## Data under study

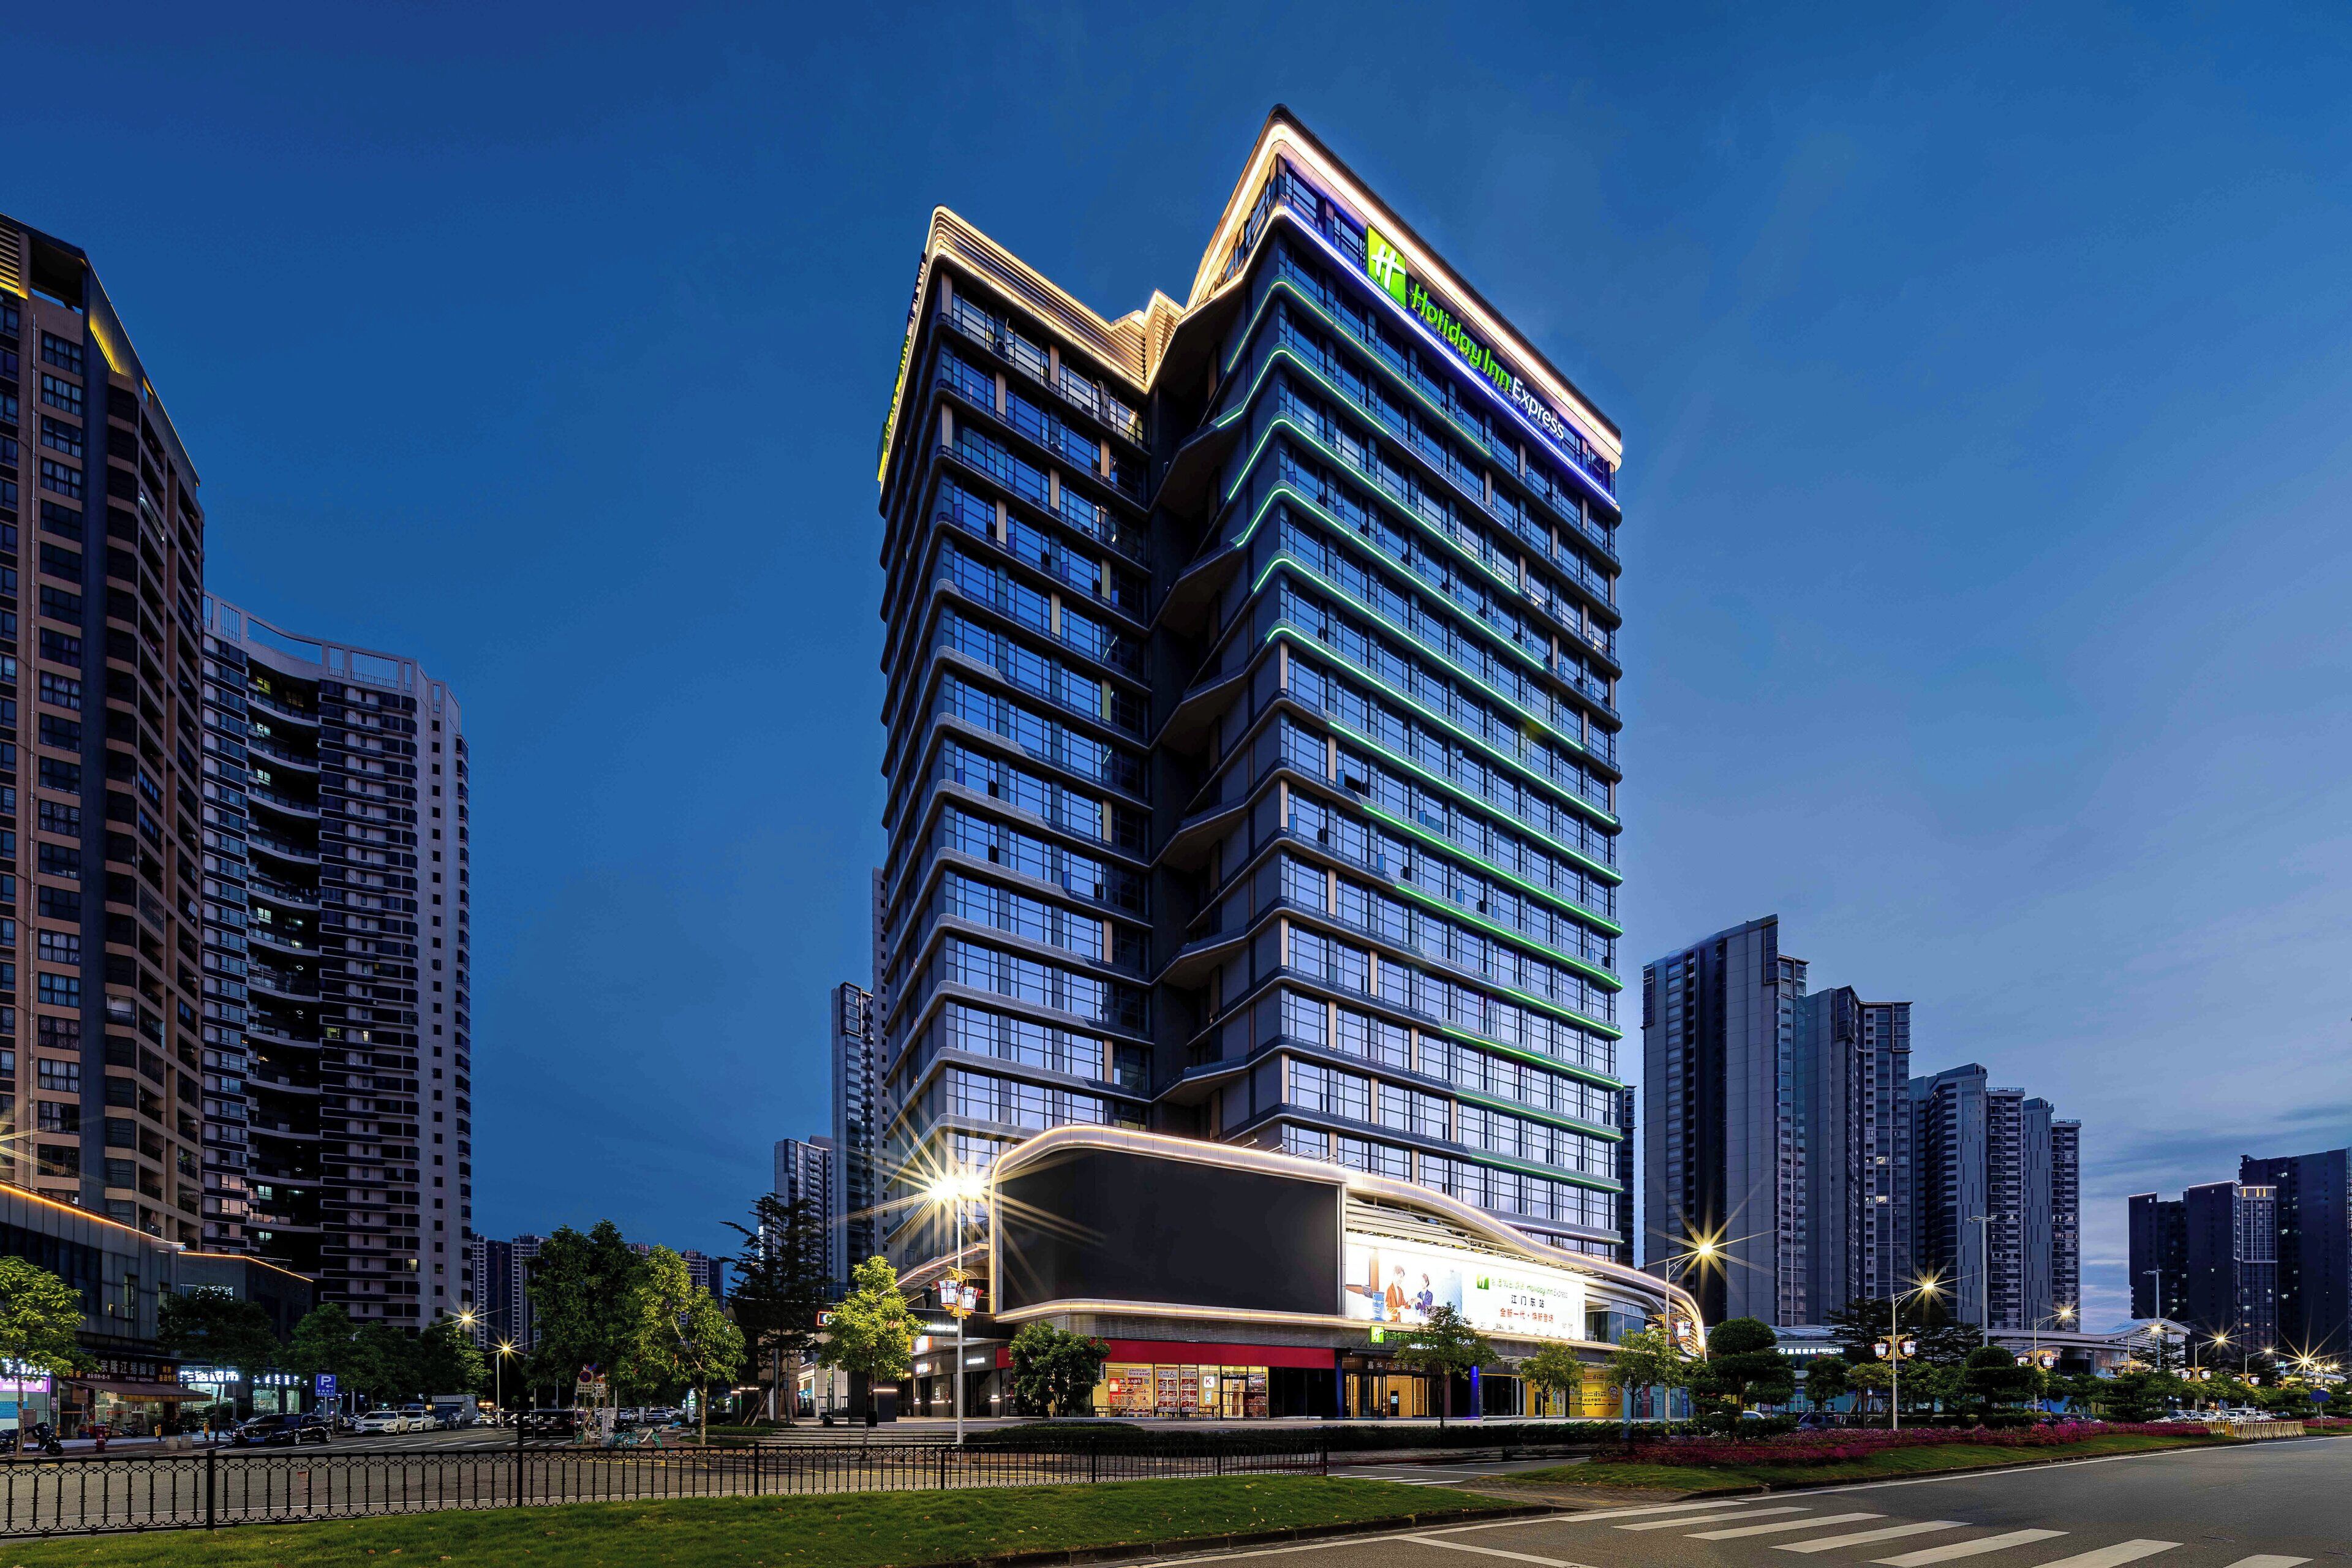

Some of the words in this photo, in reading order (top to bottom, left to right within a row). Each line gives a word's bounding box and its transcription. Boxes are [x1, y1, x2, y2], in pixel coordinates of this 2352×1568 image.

[1410, 283, 1482, 369] Holiday
[1482, 348, 1510, 392] Inn
[1512, 377, 1564, 442] Express
[1511, 1294, 1545, 1308] 江门东站
[321, 1376, 331, 1385] P

## Task item
Could you repeat all of the data exactly, minus the pictures?

## Result of the task
Some of the words in this photo, in reading order (top to bottom, left to right within a row). Each line gives a word's bounding box and its transcription. Boxes are [x1, y1, x2, y2], in pixel coordinates of this 2352×1568 image.

[1410, 283, 1482, 369] Holiday
[1482, 348, 1510, 392] Inn
[1512, 377, 1564, 442] Express
[1511, 1294, 1545, 1308] 江门东站
[321, 1376, 331, 1385] P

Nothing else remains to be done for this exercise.